How to complete this task: The pictures get dropped, while every remaining part of the listing is copied exactly.

Records provided:
■ ■ ■ ■

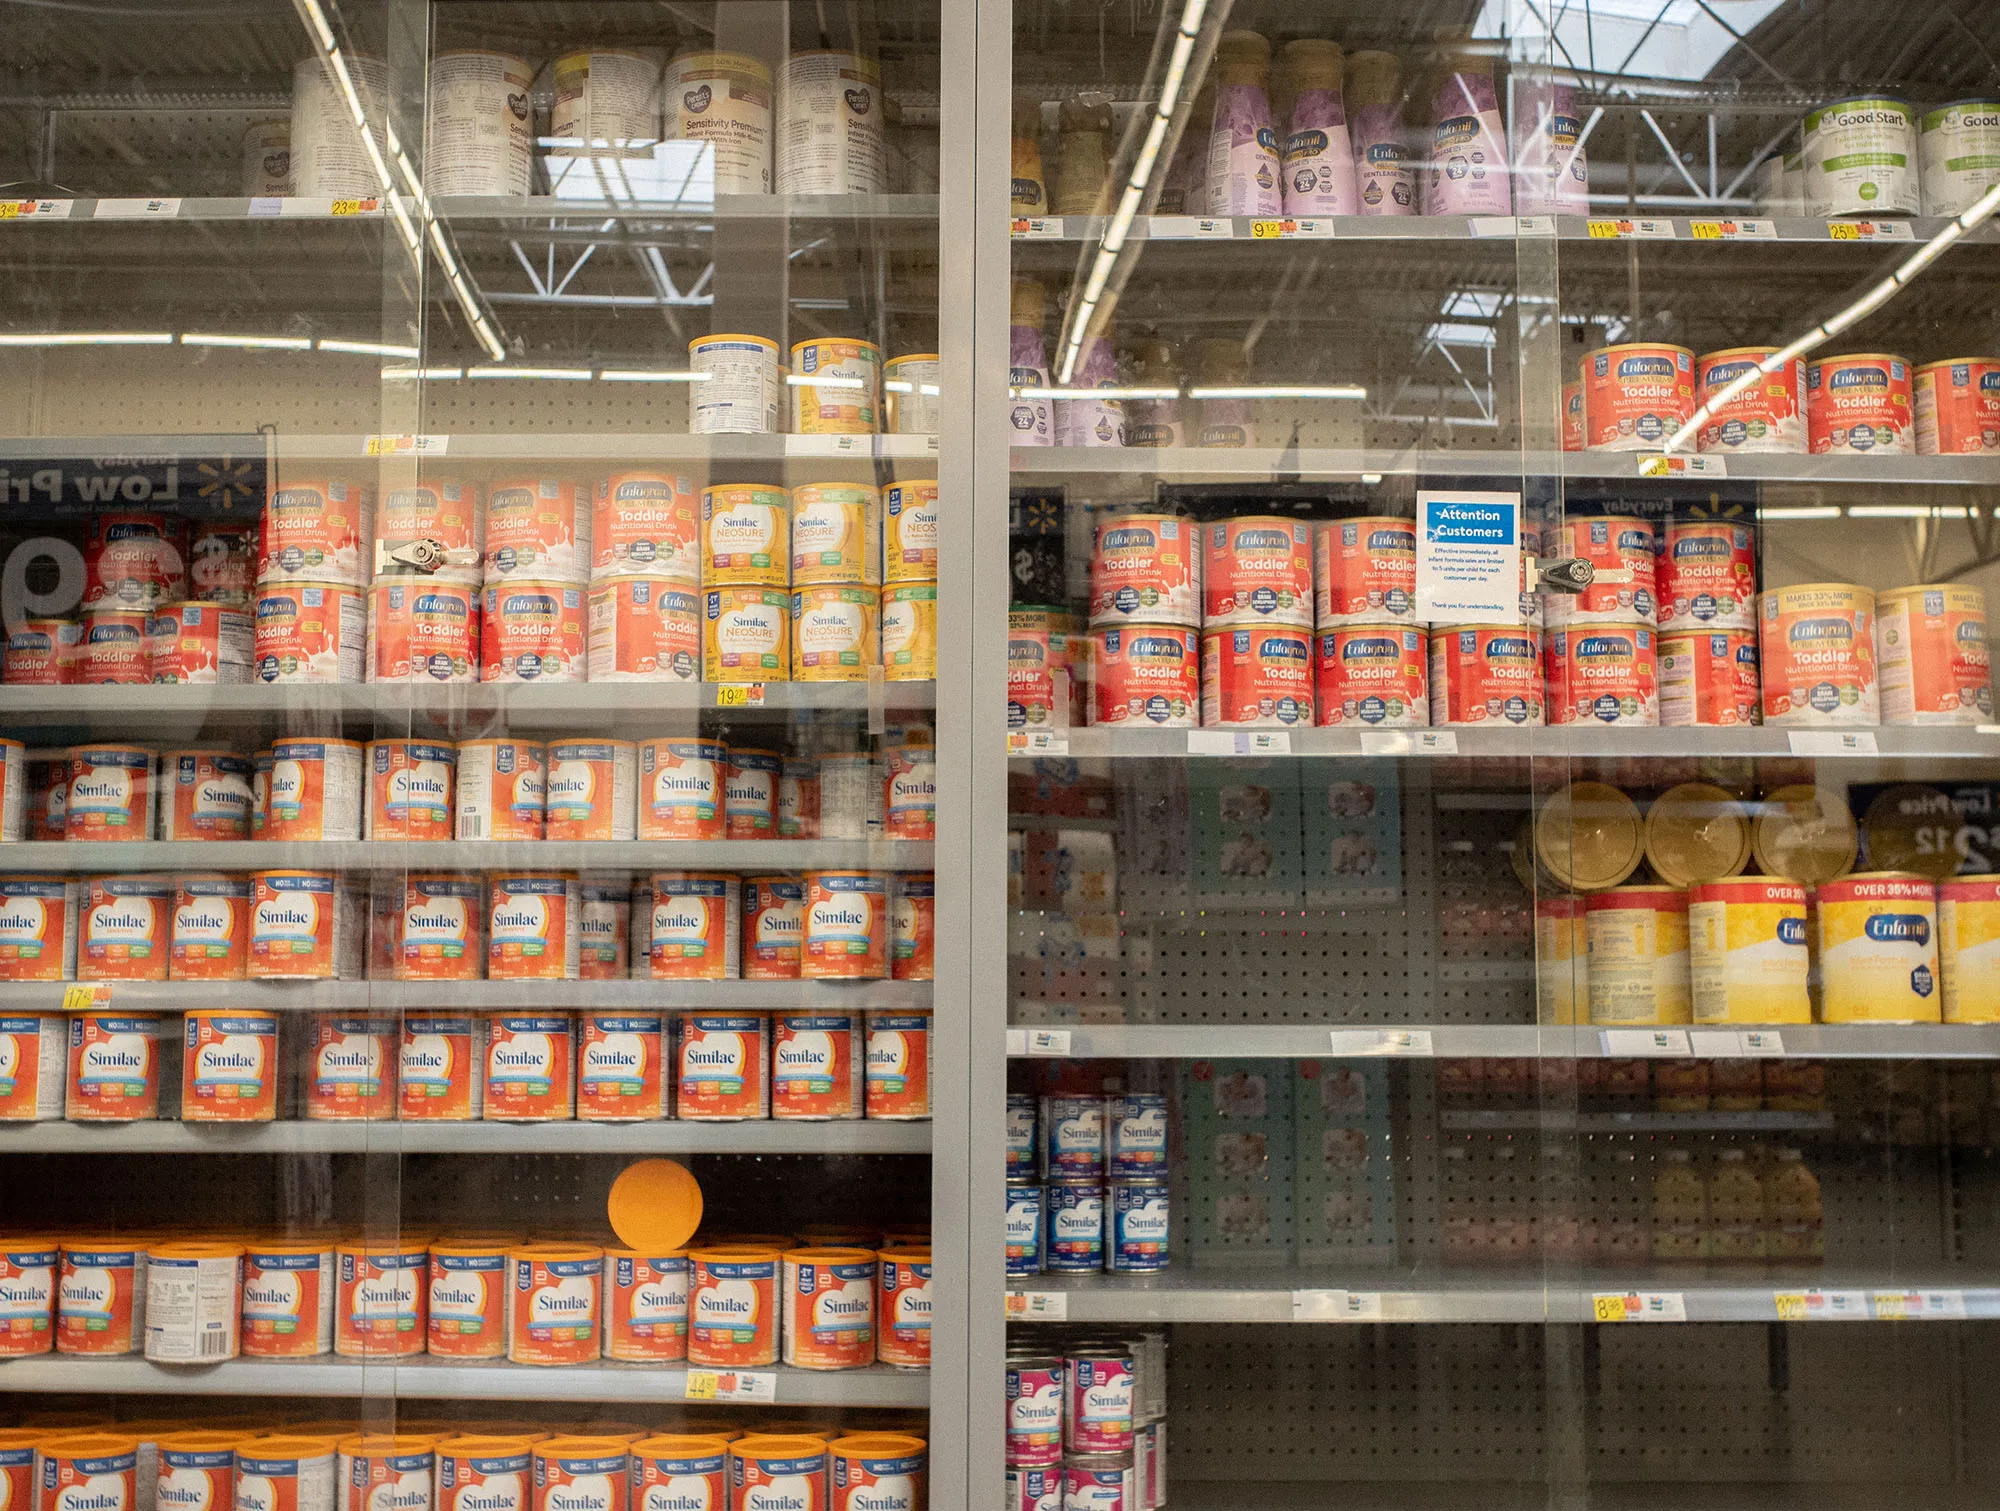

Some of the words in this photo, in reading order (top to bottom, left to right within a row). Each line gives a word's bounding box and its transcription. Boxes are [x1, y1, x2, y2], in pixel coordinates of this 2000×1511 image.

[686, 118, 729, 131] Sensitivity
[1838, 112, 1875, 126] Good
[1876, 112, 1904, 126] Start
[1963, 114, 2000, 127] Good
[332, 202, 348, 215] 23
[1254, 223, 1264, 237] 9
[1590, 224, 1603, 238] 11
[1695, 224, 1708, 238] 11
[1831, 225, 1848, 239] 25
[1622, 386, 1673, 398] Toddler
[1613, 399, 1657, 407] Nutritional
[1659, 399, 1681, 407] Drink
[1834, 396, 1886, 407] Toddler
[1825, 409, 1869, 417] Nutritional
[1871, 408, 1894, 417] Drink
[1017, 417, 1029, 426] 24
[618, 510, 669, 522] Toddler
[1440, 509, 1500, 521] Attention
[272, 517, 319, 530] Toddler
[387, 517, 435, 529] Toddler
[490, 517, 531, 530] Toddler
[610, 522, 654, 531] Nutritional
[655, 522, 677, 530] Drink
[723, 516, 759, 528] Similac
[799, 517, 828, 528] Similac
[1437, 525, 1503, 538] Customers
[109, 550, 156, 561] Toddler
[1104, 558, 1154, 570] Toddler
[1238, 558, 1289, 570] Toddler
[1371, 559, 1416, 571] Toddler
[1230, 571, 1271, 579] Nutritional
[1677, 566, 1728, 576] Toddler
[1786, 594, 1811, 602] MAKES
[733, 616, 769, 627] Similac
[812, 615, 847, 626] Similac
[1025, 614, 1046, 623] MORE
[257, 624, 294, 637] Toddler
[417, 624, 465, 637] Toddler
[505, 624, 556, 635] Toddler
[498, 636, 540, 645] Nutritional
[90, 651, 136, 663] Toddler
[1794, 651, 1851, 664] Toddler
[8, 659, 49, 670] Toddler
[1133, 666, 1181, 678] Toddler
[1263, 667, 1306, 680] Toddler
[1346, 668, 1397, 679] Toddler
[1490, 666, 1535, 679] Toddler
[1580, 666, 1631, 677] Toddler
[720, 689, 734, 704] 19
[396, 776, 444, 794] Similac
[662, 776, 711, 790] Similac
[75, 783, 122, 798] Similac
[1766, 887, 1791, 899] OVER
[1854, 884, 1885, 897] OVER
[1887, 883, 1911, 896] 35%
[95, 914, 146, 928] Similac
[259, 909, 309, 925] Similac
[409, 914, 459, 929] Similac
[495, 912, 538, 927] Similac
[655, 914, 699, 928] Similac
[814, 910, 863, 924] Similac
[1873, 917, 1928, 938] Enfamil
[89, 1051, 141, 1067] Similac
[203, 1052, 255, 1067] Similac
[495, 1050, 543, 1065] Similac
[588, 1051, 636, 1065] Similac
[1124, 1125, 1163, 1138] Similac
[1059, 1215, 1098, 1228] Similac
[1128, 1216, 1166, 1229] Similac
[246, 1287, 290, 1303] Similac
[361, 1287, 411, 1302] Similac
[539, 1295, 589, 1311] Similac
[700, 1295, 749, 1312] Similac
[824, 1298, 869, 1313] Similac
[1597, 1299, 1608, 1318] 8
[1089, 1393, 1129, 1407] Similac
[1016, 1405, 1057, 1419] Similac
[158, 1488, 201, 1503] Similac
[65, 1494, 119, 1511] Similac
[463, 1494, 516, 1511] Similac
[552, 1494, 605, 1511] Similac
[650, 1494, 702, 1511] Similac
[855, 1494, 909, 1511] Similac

■ ■ ■ ■

Answer:
Some of the words in this photo, in reading order (top to bottom, left to right within a row). Each line gives a word's bounding box and its transcription. Boxes are [x1, y1, x2, y2], in pixel coordinates of this 2000×1511 image.

[686, 118, 729, 131] Sensitivity
[1838, 112, 1875, 126] Good
[1876, 112, 1904, 126] Start
[1963, 114, 2000, 127] Good
[332, 202, 348, 215] 23
[1254, 223, 1264, 237] 9
[1590, 224, 1603, 238] 11
[1695, 224, 1708, 238] 11
[1831, 225, 1848, 239] 25
[1622, 386, 1673, 398] Toddler
[1613, 399, 1657, 407] Nutritional
[1659, 399, 1681, 407] Drink
[1834, 396, 1886, 407] Toddler
[1825, 409, 1869, 417] Nutritional
[1871, 408, 1894, 417] Drink
[1017, 417, 1029, 426] 24
[618, 510, 669, 522] Toddler
[1440, 509, 1500, 521] Attention
[272, 517, 319, 530] Toddler
[387, 517, 435, 529] Toddler
[490, 517, 531, 530] Toddler
[610, 522, 654, 531] Nutritional
[655, 522, 677, 530] Drink
[723, 516, 759, 528] Similac
[799, 517, 828, 528] Similac
[1437, 525, 1503, 538] Customers
[109, 550, 156, 561] Toddler
[1104, 558, 1154, 570] Toddler
[1238, 558, 1289, 570] Toddler
[1371, 559, 1416, 571] Toddler
[1230, 571, 1271, 579] Nutritional
[1677, 566, 1728, 576] Toddler
[1786, 594, 1811, 602] MAKES
[733, 616, 769, 627] Similac
[812, 615, 847, 626] Similac
[1025, 614, 1046, 623] MORE
[257, 624, 294, 637] Toddler
[417, 624, 465, 637] Toddler
[505, 624, 556, 635] Toddler
[498, 636, 540, 645] Nutritional
[90, 651, 136, 663] Toddler
[1794, 651, 1851, 664] Toddler
[8, 659, 49, 670] Toddler
[1133, 666, 1181, 678] Toddler
[1263, 667, 1306, 680] Toddler
[1346, 668, 1397, 679] Toddler
[1490, 666, 1535, 679] Toddler
[1580, 666, 1631, 677] Toddler
[720, 689, 734, 704] 19
[396, 776, 444, 794] Similac
[662, 776, 711, 790] Similac
[75, 783, 122, 798] Similac
[1766, 887, 1791, 899] OVER
[1854, 884, 1885, 897] OVER
[1887, 883, 1911, 896] 35%
[95, 914, 146, 928] Similac
[259, 909, 309, 925] Similac
[409, 914, 459, 929] Similac
[495, 912, 538, 927] Similac
[655, 914, 699, 928] Similac
[814, 910, 863, 924] Similac
[1873, 917, 1928, 938] Enfamil
[89, 1051, 141, 1067] Similac
[203, 1052, 255, 1067] Similac
[495, 1050, 543, 1065] Similac
[588, 1051, 636, 1065] Similac
[1124, 1125, 1163, 1138] Similac
[1059, 1215, 1098, 1228] Similac
[1128, 1216, 1166, 1229] Similac
[246, 1287, 290, 1303] Similac
[361, 1287, 411, 1302] Similac
[539, 1295, 589, 1311] Similac
[700, 1295, 749, 1312] Similac
[824, 1298, 869, 1313] Similac
[1597, 1299, 1608, 1318] 8
[1089, 1393, 1129, 1407] Similac
[1016, 1405, 1057, 1419] Similac
[158, 1488, 201, 1503] Similac
[65, 1494, 119, 1511] Similac
[463, 1494, 516, 1511] Similac
[552, 1494, 605, 1511] Similac
[650, 1494, 702, 1511] Similac
[855, 1494, 909, 1511] Similac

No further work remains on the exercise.